I am a horrible namer. So, me and my husband can't decide what we want to name the new farm....

It's can't pertain to one animal species sense we have variety.

We don't have a creek or brook or anything. Rolling pastures and wooded areas.

I'm located in Laurel Fork, Va.

We have a mass variety of trees and stuff so I don't really want to include any tree names it.

We have lots of clover, so my husband was thinking about using clover in the name. His old farm was clover leaf stables. Even though I have horses but I don't want "stables" in their.

Uh.... Well idk what else to add. Here is a picture of the house if you can think of anything that might tie that into it.

We also sell concord grapes, chestnuts, an black walnuts.








Samantha

"5 minutes of fresh air is equivalent to 5 mg Valium"


----------



## Riverside Fainters (Feb 6, 2013)

Clover Leaf Farms?


----------



## Cactus_Acres (Sep 24, 2013)

Clover Themed:
Just My Luck Farm
Color Me Green Farm
Clover Fields Farm
(Cloverleaf has been used before as a farm name with ADGA, not sure if it is still claimed or not)
Clover Leaf and Clover-Leaf don't have any animals registered under that name with the ADGA, in case you are going that direction.
Trifolium (or trefoil) is the scientific name for the clover family.



Hill and Dale
Nutty Acres
Little Laurel Farm




Obviously, my farm name is totally tied back to the obnoxious prickly pear cactus we have here that get stuck to udders, legs, your hand when you pull them off....


----------



## ksalvagno (Oct 6, 2009)

How about your last name. Like my farm name is Salvagno Farm. Or your initials like M&K Farm.


----------



## nannysrus (Jun 21, 2014)

What is the first thing that comes to your mind when you hear "double-dealin ranch"


Samantha

"5 minutes of fresh air is equivalent to 5 mg Valium"


----------



## Sylvie (Feb 18, 2013)

Have you scrolled through this list?
http://www.adga.org/pages_adga/purged_herdnames.php?l=


----------



## nannysrus (Jun 21, 2014)

No but thank you!! I have been looking for that


Samantha

"5 minutes of fresh air is equivalent to 5 mg Valium"


----------



## ksalvagno (Oct 6, 2009)

nannysrus said:


> What is the first thing that comes to your mind when you hear "double-dealin ranch"
> 
> Samantha
> 
> "5 minutes of fresh air is equivalent to 5 mg Valium"

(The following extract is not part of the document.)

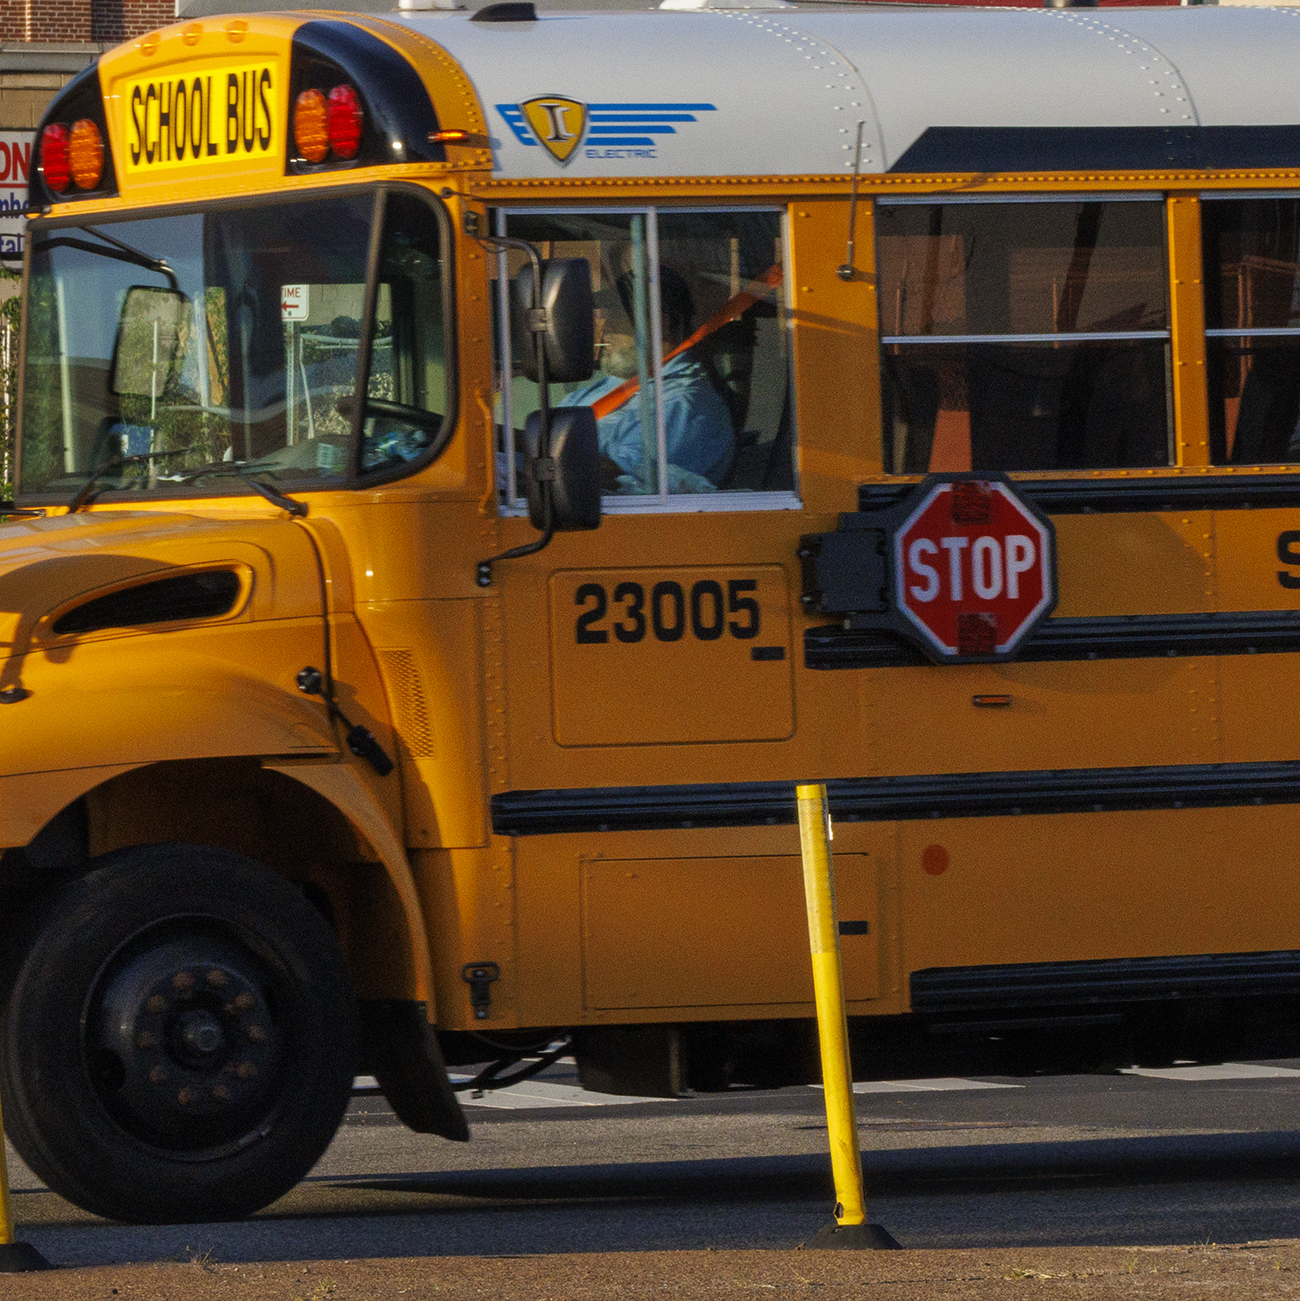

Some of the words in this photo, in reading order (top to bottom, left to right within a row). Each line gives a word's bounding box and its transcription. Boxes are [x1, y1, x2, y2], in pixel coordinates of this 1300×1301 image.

The first thing that comes to mind is that you might cheat me.


----------



## Chadwick (Jan 24, 2014)

Ok, I'm goofy so....

Nuts n clovers farm


----------



## GlassvilleDairyGoats (Jun 1, 2014)

Rolling hills (or acres or farm


----------



## glndg (Feb 8, 2013)

I like Clover Leaf Farm too -- just substitute Farm for Stable in the old name. Or maybe Lucky Clover Farm if that is available. Or 4-Leaf Clover Farm -- that sounds really lucky.


----------



## janeen128 (Dec 31, 2012)

ksalvagno said:


> The first thing that comes to mind is that you might cheat me.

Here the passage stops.